Both hyperalgesia and allodynia can be further classified as dynamic, punctate, or static depending on the type of stimulus that elicits the sensation. Static hyperalgesia, the less commonly recognized form, is typically restricted to the affected area and can be tested using superficial and deep pressure. Punctate hyperalgesia, mediated by Aδ-fibers, most often follows a dermatomal pattern of distribution and is evaluated with von Frey monofilaments or pins 139. Therefore, ability to identify hyperalgesia and allodynia relies heavily on the appropriate selection of diagnostic test and body region evaluated.
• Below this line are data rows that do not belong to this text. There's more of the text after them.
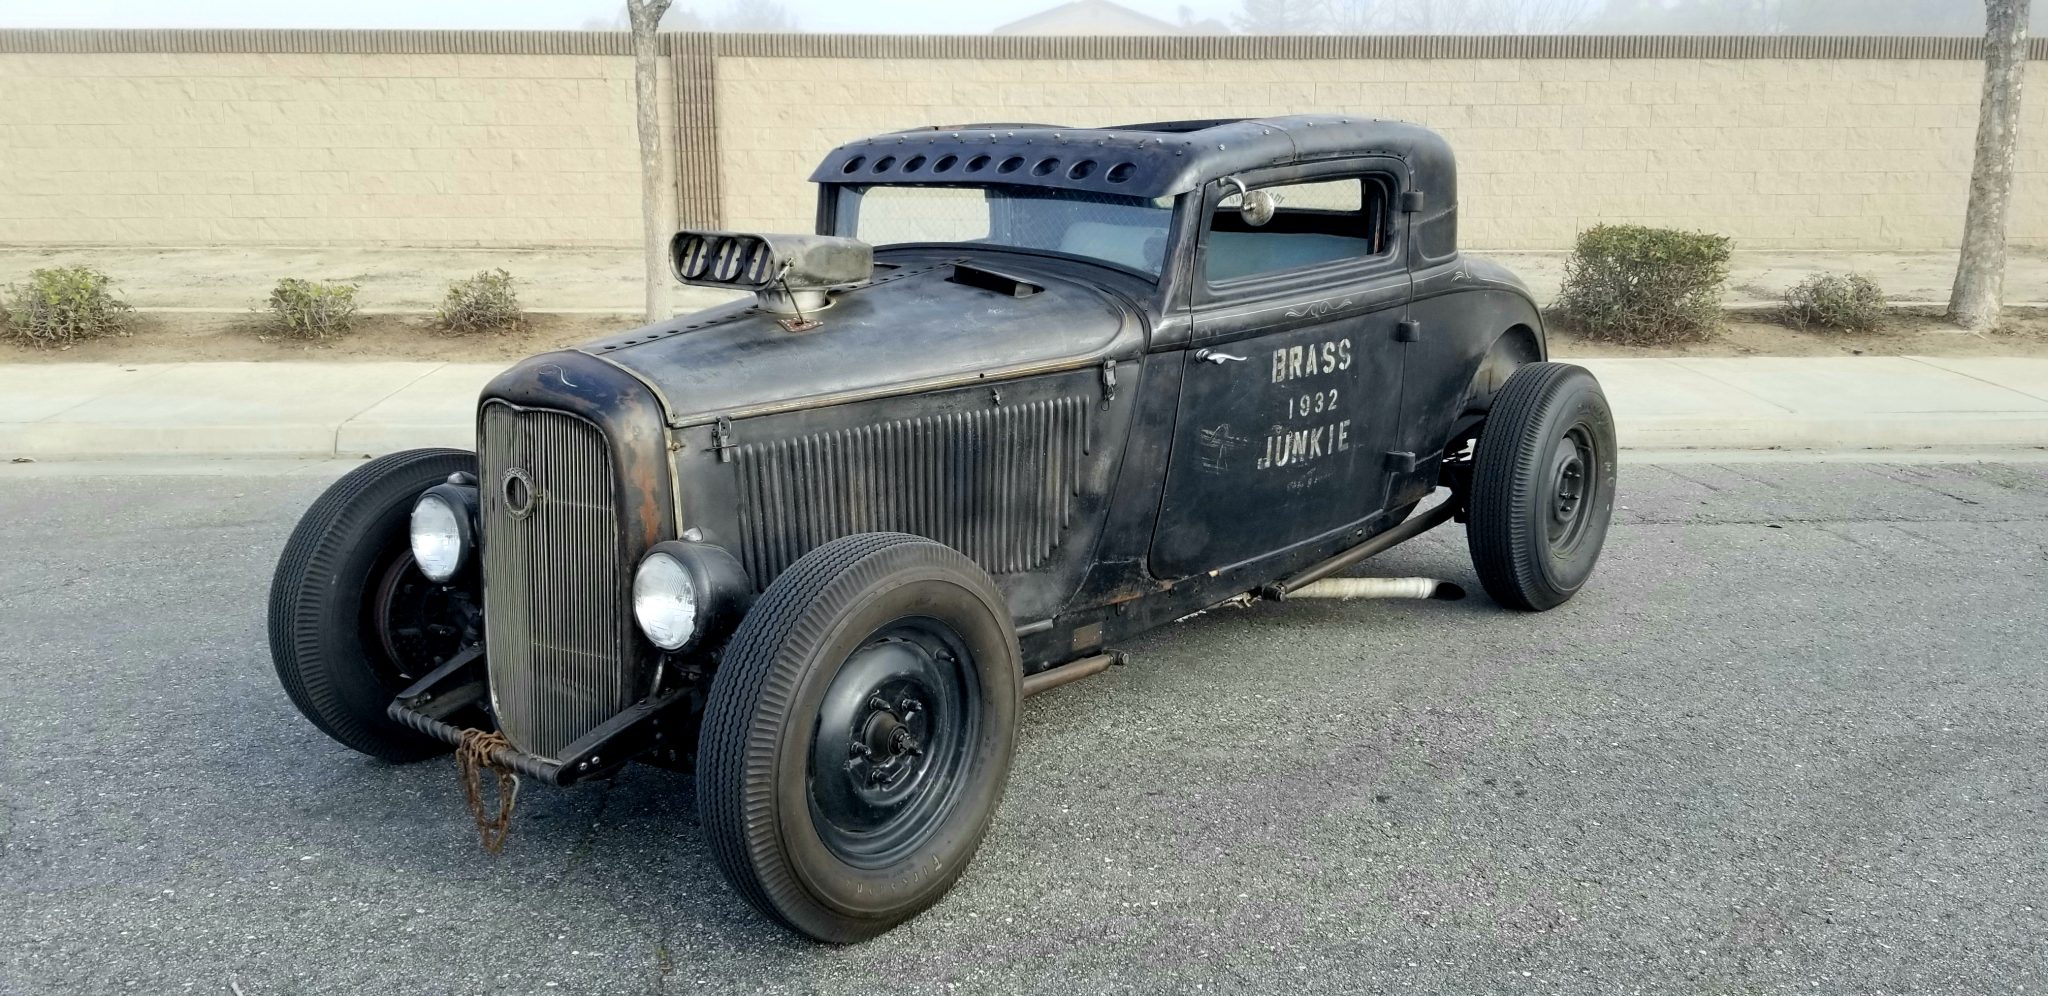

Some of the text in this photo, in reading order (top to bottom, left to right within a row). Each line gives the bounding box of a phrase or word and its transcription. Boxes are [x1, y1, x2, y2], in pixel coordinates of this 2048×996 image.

[1272, 338, 1350, 383] BRASS
[1289, 389, 1338, 419] 1932
[1257, 419, 1350, 469] JUNKIE
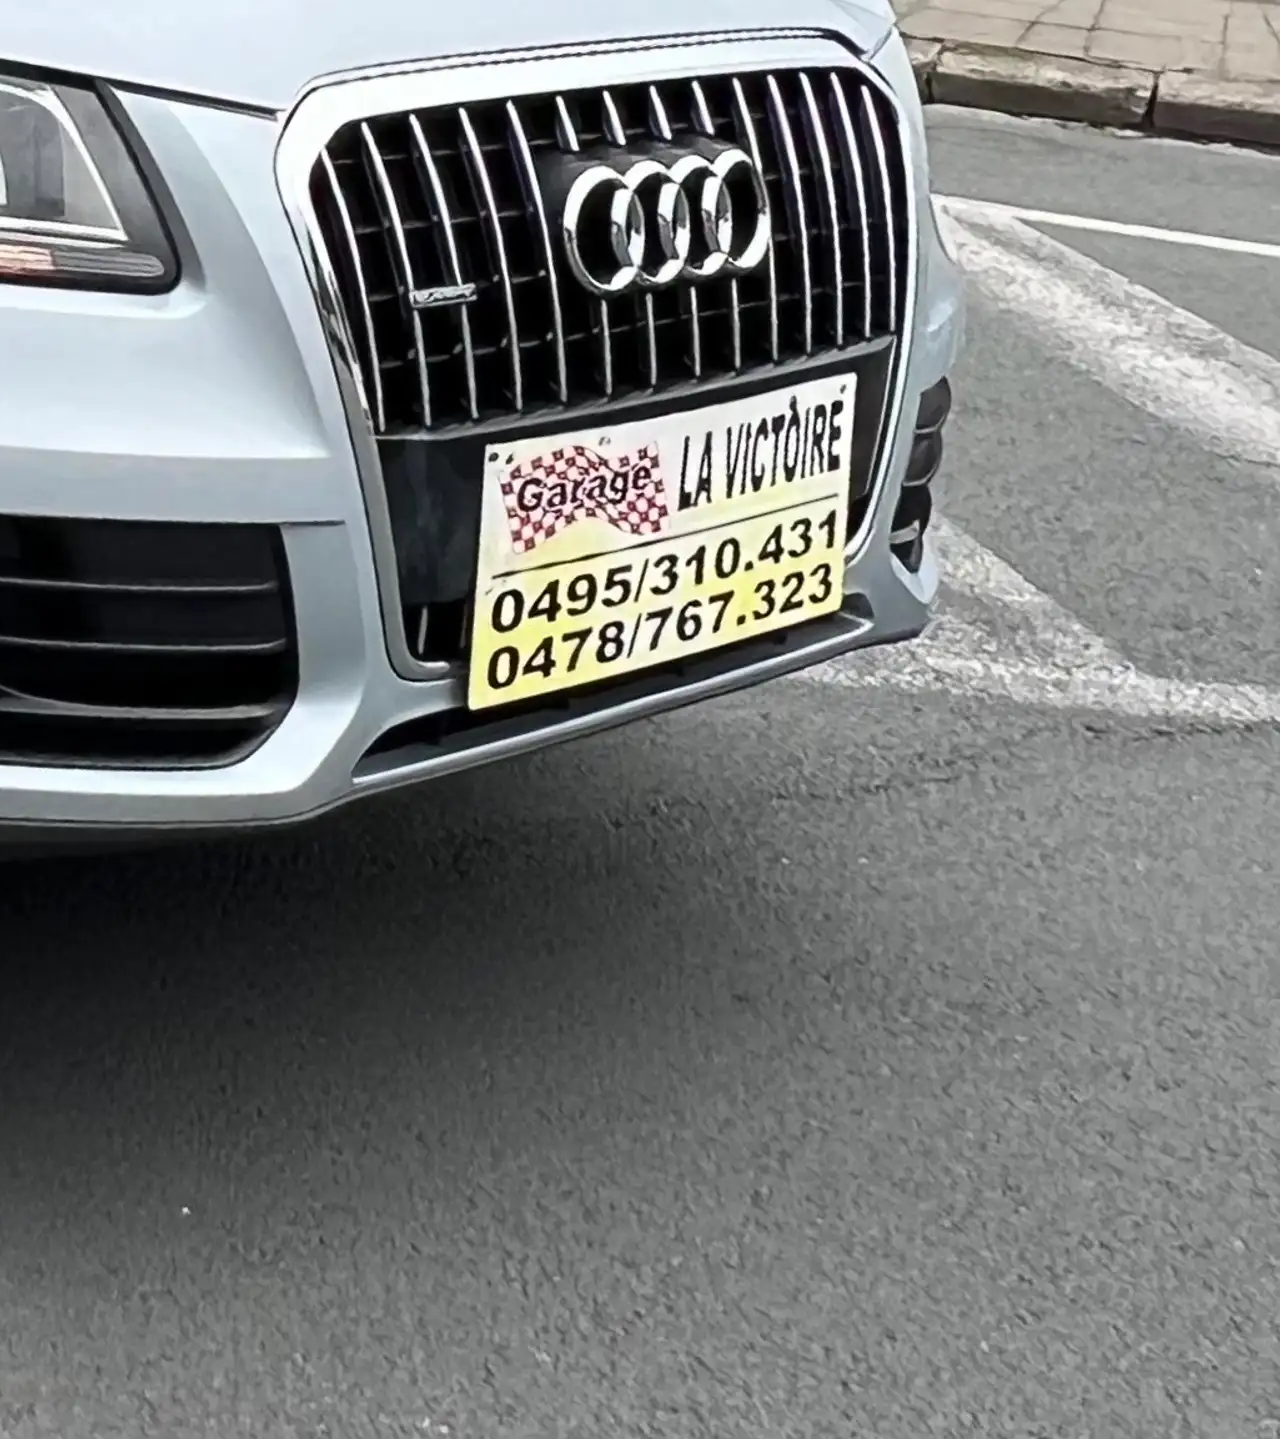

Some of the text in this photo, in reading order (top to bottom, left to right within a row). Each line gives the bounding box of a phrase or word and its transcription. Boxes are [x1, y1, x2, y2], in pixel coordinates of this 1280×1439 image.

[517, 464, 652, 511] Garage
[678, 400, 843, 511] LA VICTOIRE
[486, 563, 834, 690] 0478/767.323
[491, 509, 838, 633] 0495/310.431
Our study exclusively looked at punctate hyperalgesia and allodynia by using VFA to test dermatomal patterns commonly affected in SM 135. The differences in location and prevalence of punctate and static hyperalgesia may explain why our findings differ from

another recent publication 19 which did not identify a difference in ST values or thermal latencies in CKCS with and without SM. Sparks et al. used hemostatic forceps to apply pressure to the subcutaneous tissues of the neck and thoracic limbs, exclusively evaluating static hyperalgesia 19. Static hyperalgesia and allodynia are less frequently reported in people with neuropathic pain, and when reported tend to affect small areas which may be difficulty to map in affected dogs 139. Additionally, several SM-affected dogs in the Sparks et al. study received analgesics immediately prior to the testing procedures. Previous studies have documented increased ST values following analgesic administration 134. Our study required a one-week washout of all medications prior to enrollment; therefore, eliminating the confounding effect of analgesics on ST values.
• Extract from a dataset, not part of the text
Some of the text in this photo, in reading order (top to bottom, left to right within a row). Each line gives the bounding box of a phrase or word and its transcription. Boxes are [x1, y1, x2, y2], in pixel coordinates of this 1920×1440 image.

The presence of a neuropathic pain phenotype in SM-affected dogs, as documented by

VFA, is further supported by the identification of a significant inverse correlation between owner-reported severity of clinical signs and ST values, where SM-affected dogs with lower pelvic limb ST values displayed a higher frequency and severity of clinical behaviors commonly associated with neuropathic pain. Interestingly, this relationship did not hold true for the thoracic limbs. Of consideration here may be the difference between at-level and below-level pain. Immediately following an injury affecting the nerve roots or spinal cord, at-level pain develops in the dermatomes of the affected spinal cord segment which may resolve over time 122. Below-level pain develops later from central sensitization, affecting dermatomes caudal to the site of injury124, and has been associated

with higher pain scores than at-level neuropathic pain in people 125. Below-level pain can persist longer and is often more difficult to treat 126, mirroring the clinical course for some SM-affected dogs who can be quite refractory to analgesics. It is possible that many of the pain-related questions, asked of owners to derive a clinical signs score, focus more on manifestations of below-level pain (for example, hypersensitivity to light touch, where some of our dogs scored the highest). Alternatively, our small sample size may have created difficulty in identifying a statistical relationship given the higher variability in the thoracic limb ST dataset for SM-affected dogs.

An unexpected finding in the present study was the lack of relationship between ST values in SM-affected dogs and syrinx height observed on MRI or between SM grades using the BVA scheme. While some studies suggest that syrinx size predicts severity of neuropathic pain-related clinical signs, there is conflicting evidence regarding this relationship in the human and veterinary literature 19,32,59,105,206. Recently, the focus in human and veterinary medicine has shifted from assessing the size of the syrinx to evaluating the symmetry, with asymmetrical syringes more commonly associated with neuropathic pain 32,92,97,105. Due to the small number of dogs included in this pilot study, we were unable to assess the effect of asymmetry on ST values; however, this represents an important avenue for future studies. An additional consideration in the present study is that most SM-affected dogs were graded SM2, with only five SM1 dogs included. The

small number of SM1 dogs may have confounded our ability to identify a statistically significant difference in ST values between mild and more severely SM-affected dogs.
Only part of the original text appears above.